There’s now a search box on this blog! At time of writing, there’s a total of 4 posts to search, but hey, it exists now. Here’s how I made it.
This is a static site. That means there’s no immediately obvious place to run a search algorithm – it can’t really happen in the browser, since that’d require every single post to be downloaded before even starting to search. It can’t really happen on the server, since that’s only serving up pre-made files. So, let’s do it on someone else’s server with a modern serverless design!
I’ve created a Cloudflare Worker which is open source if you’d like to take a look. It’s quite short and sweet, using Fuse.js to handle the search.
The general idea is:
- As part of the build process for this blog, a JSON file is made containing information about all the posts.
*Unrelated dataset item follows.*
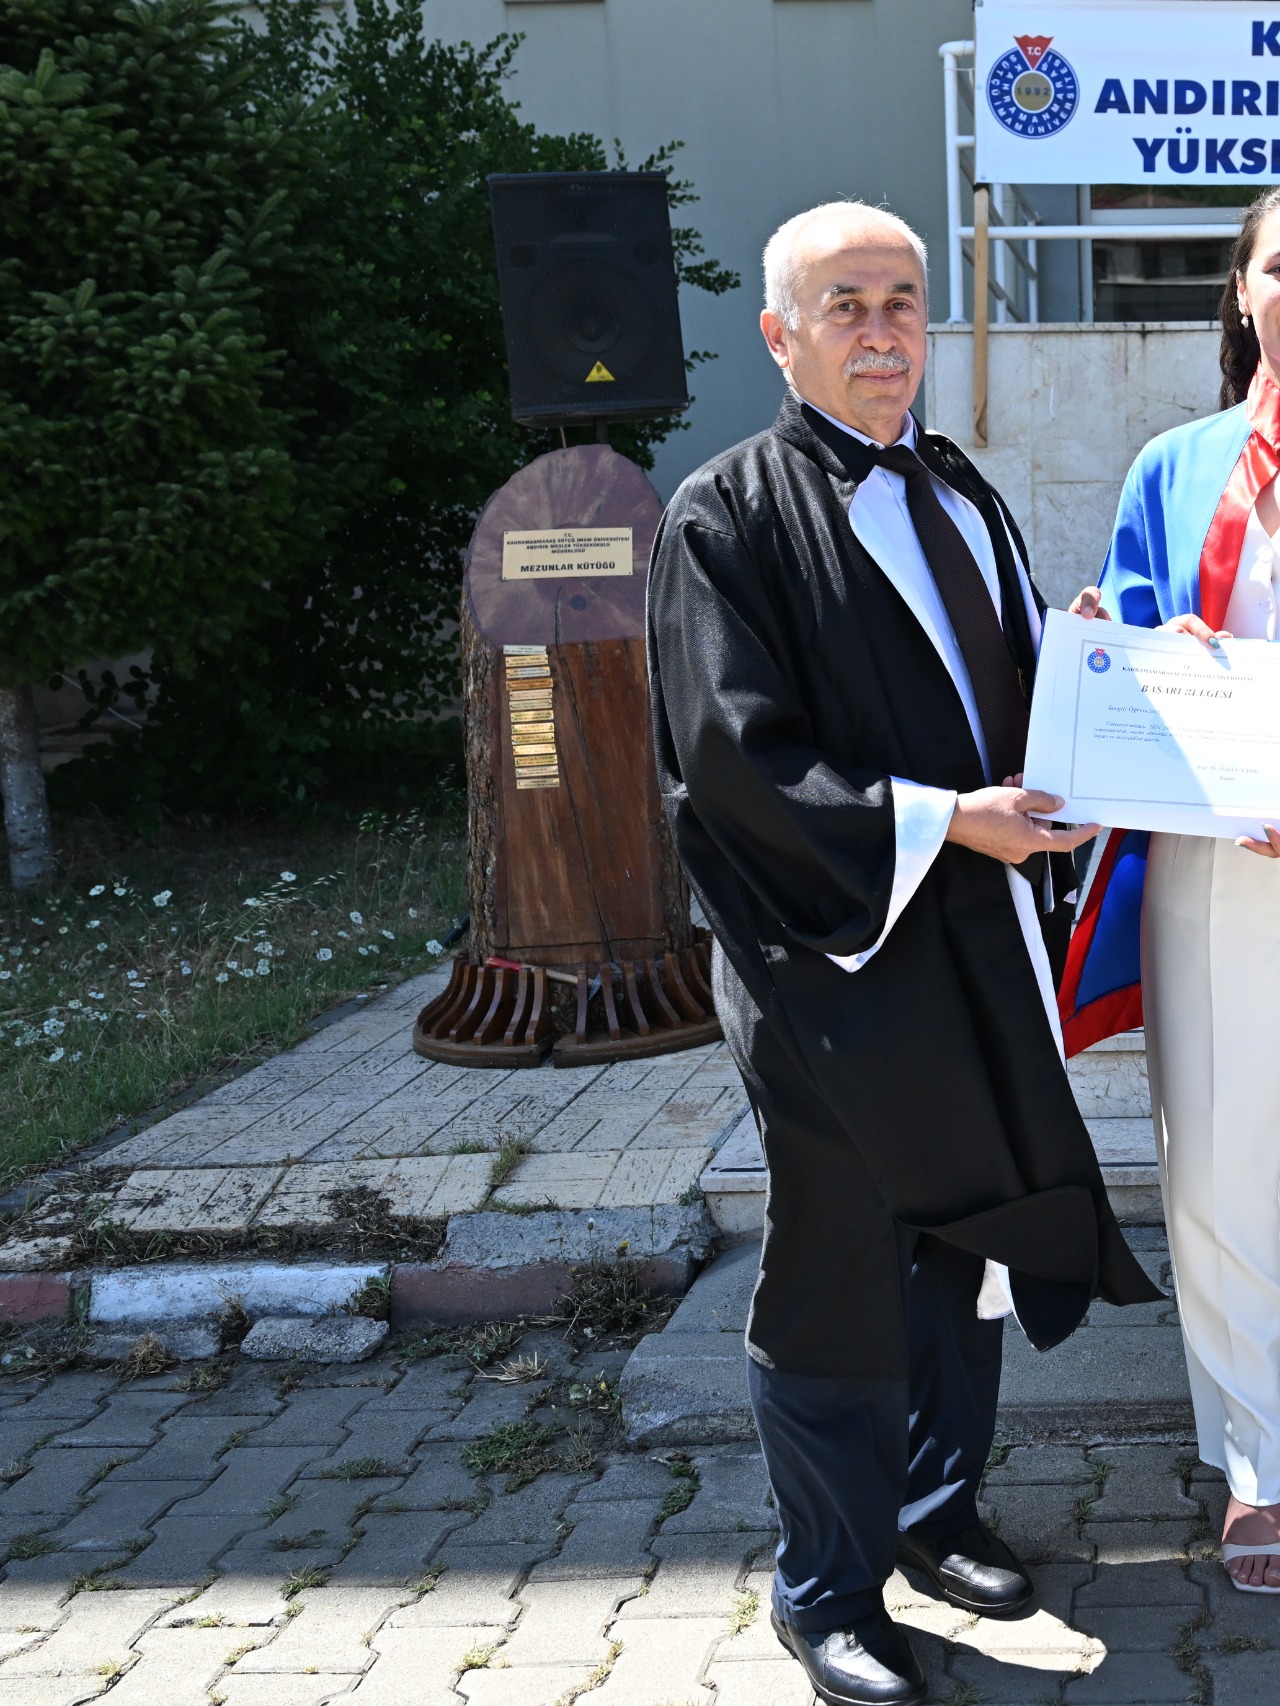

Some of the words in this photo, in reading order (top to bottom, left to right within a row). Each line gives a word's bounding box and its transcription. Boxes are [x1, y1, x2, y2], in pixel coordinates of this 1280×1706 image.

- Each time the site is updated, the build system sends a request to the Worker. The Worker retrieves the JSON file of posts and stores the array in Workers KV, a key-value storage system. It also pre-generates the search index and stores that in KV, so it doesn’t need generated for every request. As the number of posts to index grows, this should keep the time to handle each search request a bit lower.
- On the search results page, some frontend JavaScript reads the URL parameters and makes a search request to the Worker. The page is then populated with the results.
I was originally going to replace the content of whatever page you searched on with the results of your query (instead of having a separate page), but that threw up a whole load of usability and accessibility concerns: how do you notify the user the results have appeared? What about on a small screen – do you need to scroll the user to the right part of the page? How do they get back to the page they were on? What about managing keyboard focus? I decided instead of trying to engineer around these issues, it’d make more sense to have a dedicated search page where navigation can continue to work in a standard manner. Using the browser back and forward buttons works normally, and search result pages can be shared since each query will have its own URL with the terms in the parameters.
As I expected, Cloudflare Workers is super fast. On good connnections, I’ve seen search results load as quickly as 60ms, and in my testing I’ve found that even on a (simulated) 2G connection results are loaded within 2 seconds. Plus, the results of each query you make are cached in your browser for a while, which means if you go back to the search page with the same query – maybe you read a post, then hit back to see the other results – the list should re-populate immediately.
And that’s it! A nice project-in-a-day. As the number of posts on the site grows, I’ll need to work out a way to paginate the search results, or at least limit the number returned. I’ve not done that yet though, since I’ll need more posts to test against!